Ions are much more massive than electrons, so at any given energy their wavelength λ is significantly shorter, as shown in ◘ Fig. 31.1. For example, at an energy of 10 keV the wavelength of an electron is 0.012 nm, but for the same energy a hydrogen (H⁺) ion has a wavelength that is smaller than the electron wavelength by a factor of 43. A helium ion has a wavelength that is 86× smaller, so potentially offering a beam spot of a few picometers (pm), and making correspondingly enhanced image resolution possible. ◘ Figure 31.2a shows an example of high resolution electron and He⁺ imaging of gold islands on carbon with conditions optimized for SEM (i.e., low beam energy) and HIM (high beam energy). The extraordinary fine-scale detail that can be obtained with HIM imaging of Au on C is shown in ◘ Fig. 31.2b. ◘ Figure 31.3 shows a more challenging imaging problem, that of soft material, as viewed by the SEM in the “conventional” beam energy range and by HIM, where much finer details are visible in the ion beam image.

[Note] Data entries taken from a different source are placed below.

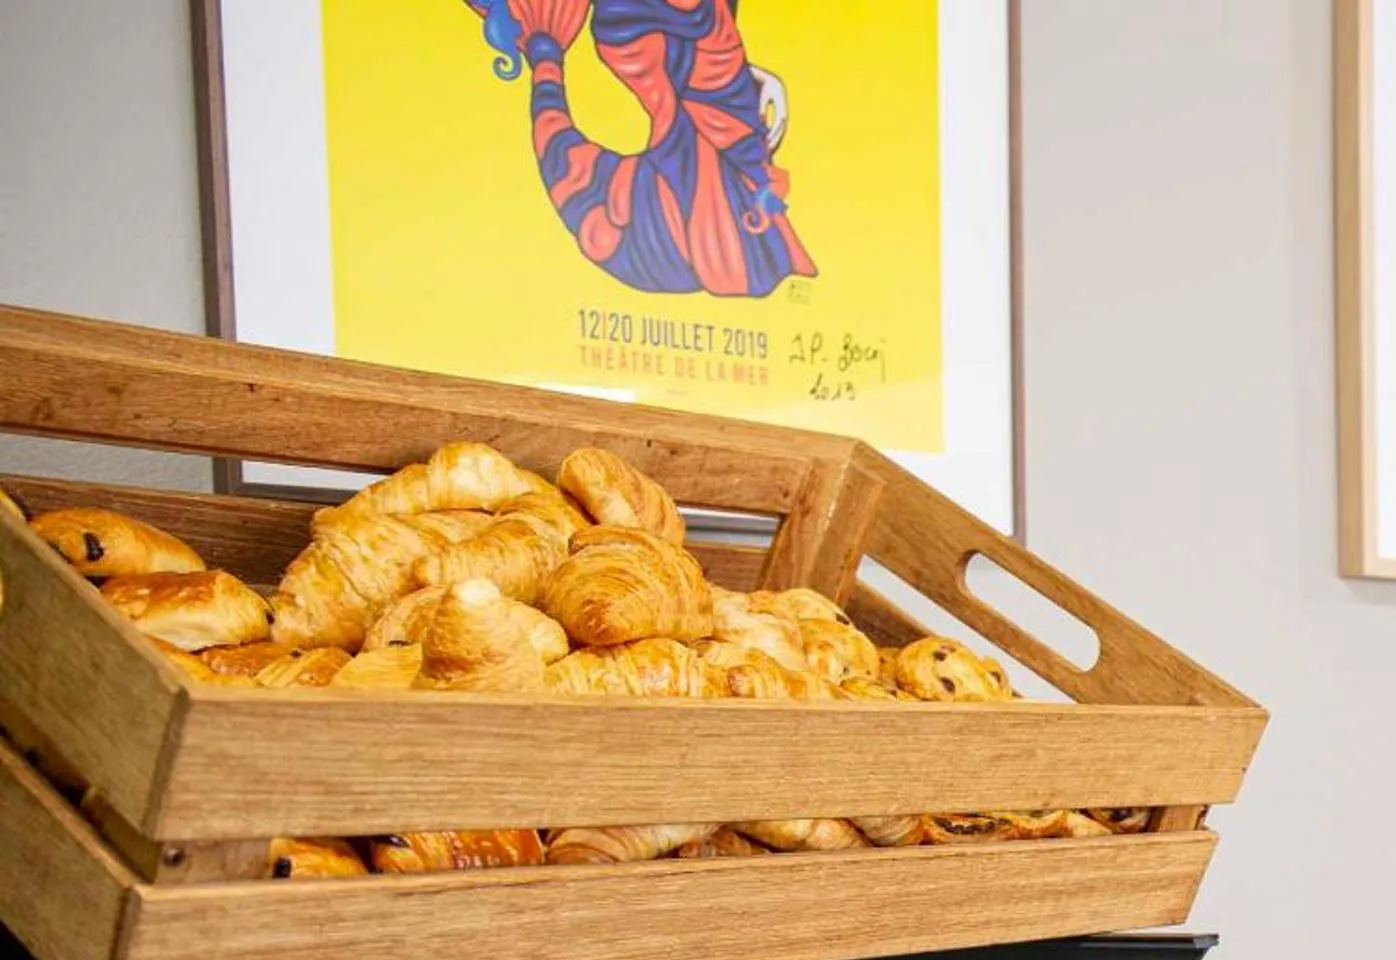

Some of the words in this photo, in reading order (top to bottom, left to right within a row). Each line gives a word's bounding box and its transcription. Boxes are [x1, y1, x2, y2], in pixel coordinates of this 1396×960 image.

[640, 317, 715, 353] JUILLET
[723, 328, 768, 359] 2019
[674, 356, 697, 379] DE
[706, 361, 726, 382] LA
[732, 361, 769, 386] MER
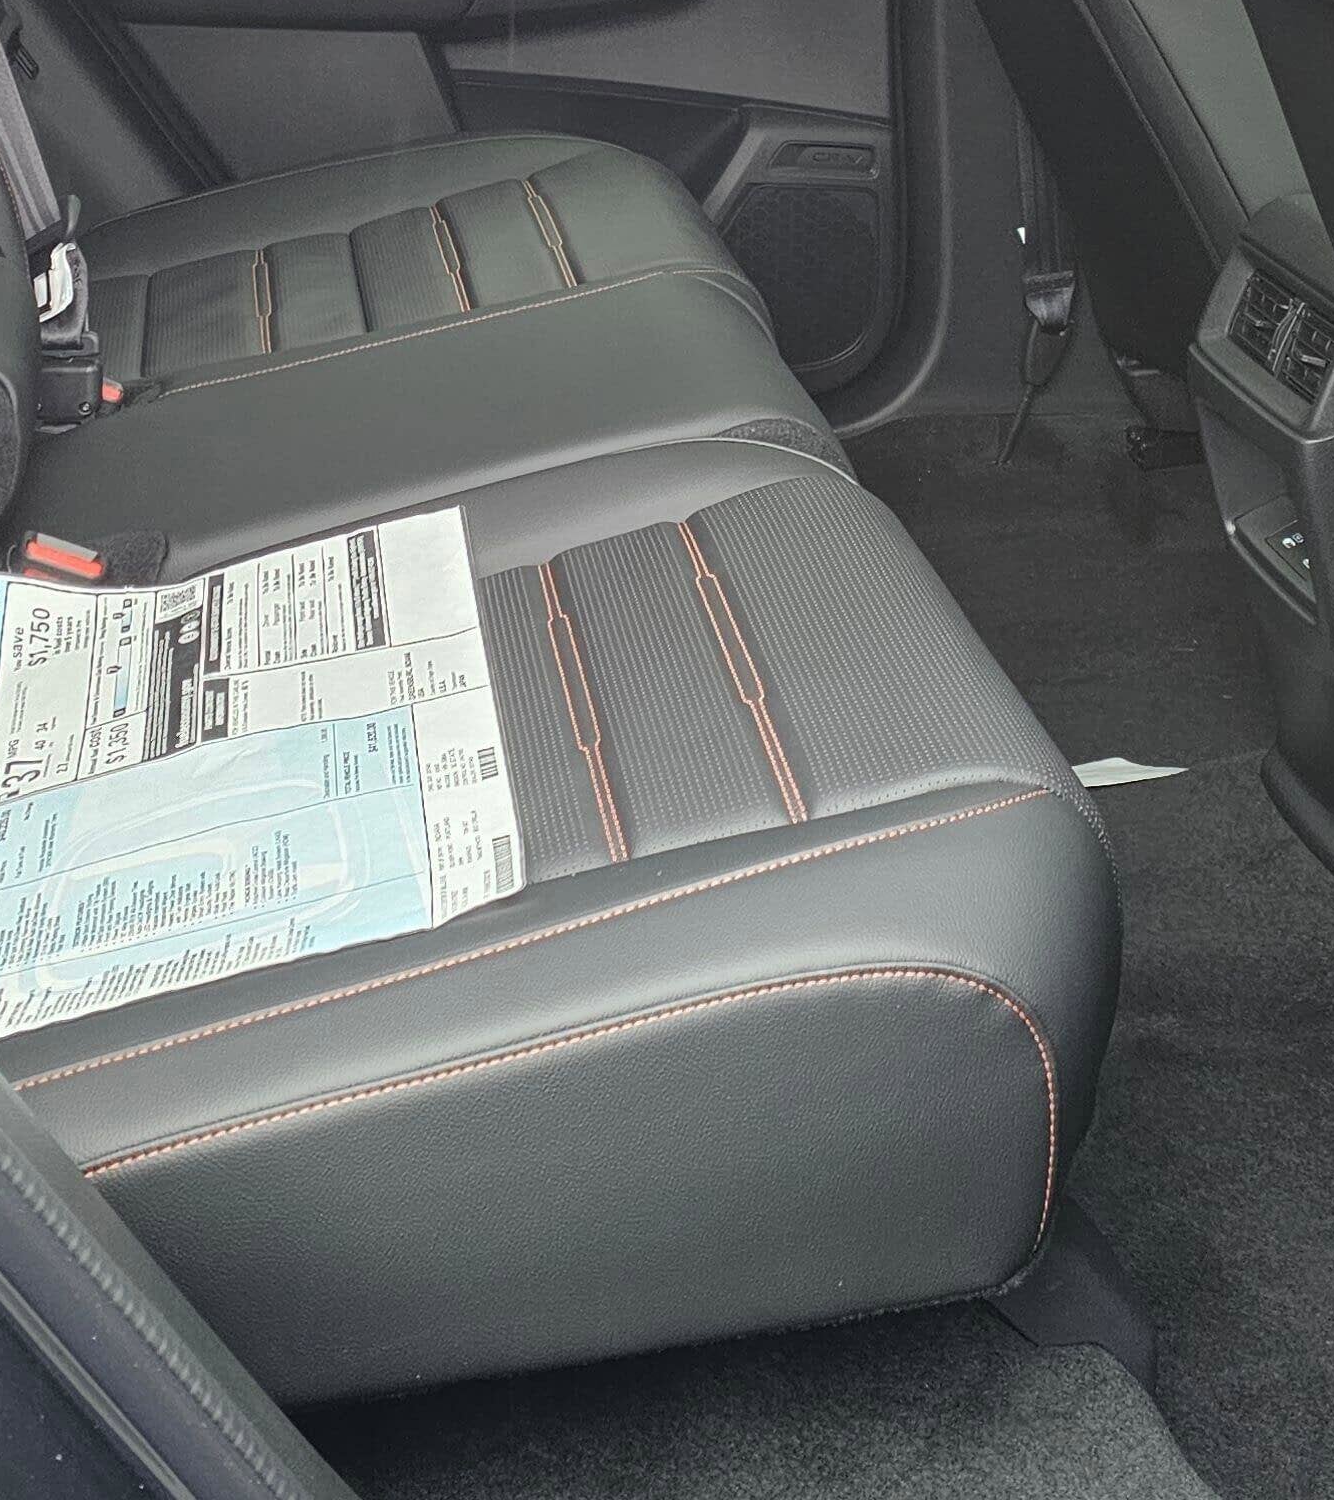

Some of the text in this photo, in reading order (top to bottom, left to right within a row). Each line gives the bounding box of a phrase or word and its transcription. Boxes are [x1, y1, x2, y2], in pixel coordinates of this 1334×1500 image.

[12, 627, 23, 657] save
[28, 608, 50, 665] $1,750
[7, 739, 19, 758] MPG
[105, 723, 128, 763] $1,350
[1, 760, 42, 787] 37
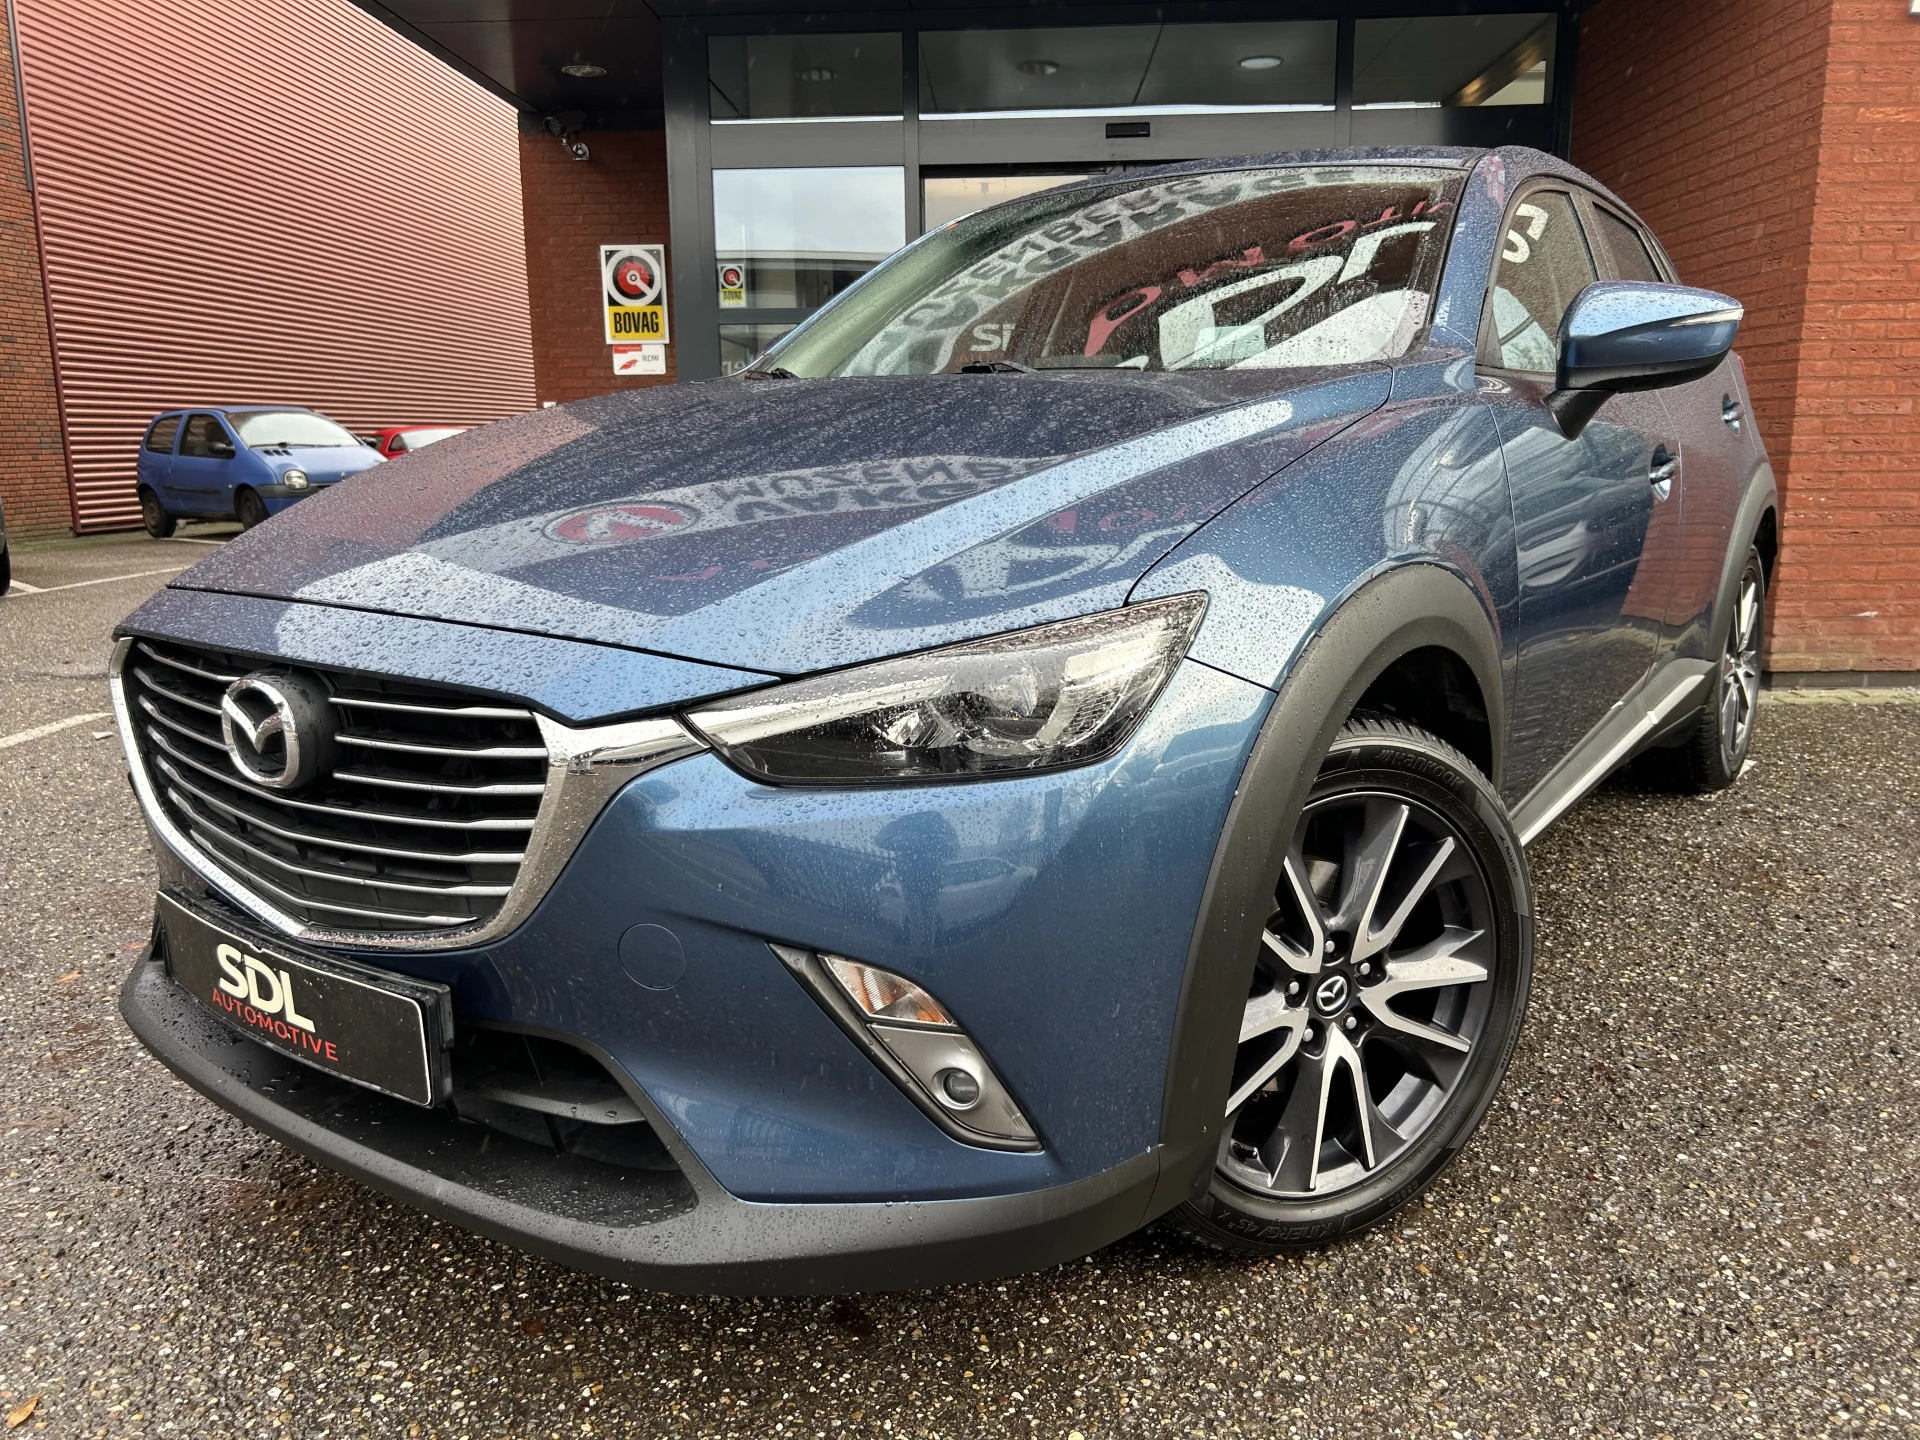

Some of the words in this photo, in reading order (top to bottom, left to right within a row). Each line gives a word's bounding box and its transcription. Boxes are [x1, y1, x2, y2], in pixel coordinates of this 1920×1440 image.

[723, 290, 742, 301] BOVAG
[615, 311, 659, 334] BOVAG
[642, 354, 660, 362] RDW
[1504, 844, 1519, 878] Rotation
[216, 943, 316, 1033] SDL
[212, 987, 339, 1062] AUTOMOTIVE

../images/271173_4_En_31_Chapter/271173_4_En_31_Fig1_HTML.png — Fig. 31.1
Comparison of wavelengths of various particles as a function of beam energy

../images/271173_4_En_31_Chapter/271173_4_En_31_Fig2_HTML.png — Fig. 31.2
a Gold islands on carbon as viewed by SEM and HIM under optimized conditions for each method: SEM (20-pA beam current at 1 keV); HIM (1-pA beam current at 30 keV). b High magnification HIM image of gold on carbon sample with lacey contamination visible. Field of View is 200 nm (Image acquired by Shawn McVey using the ORION Plus HIM) (Image courtesy of Carl Zeiss)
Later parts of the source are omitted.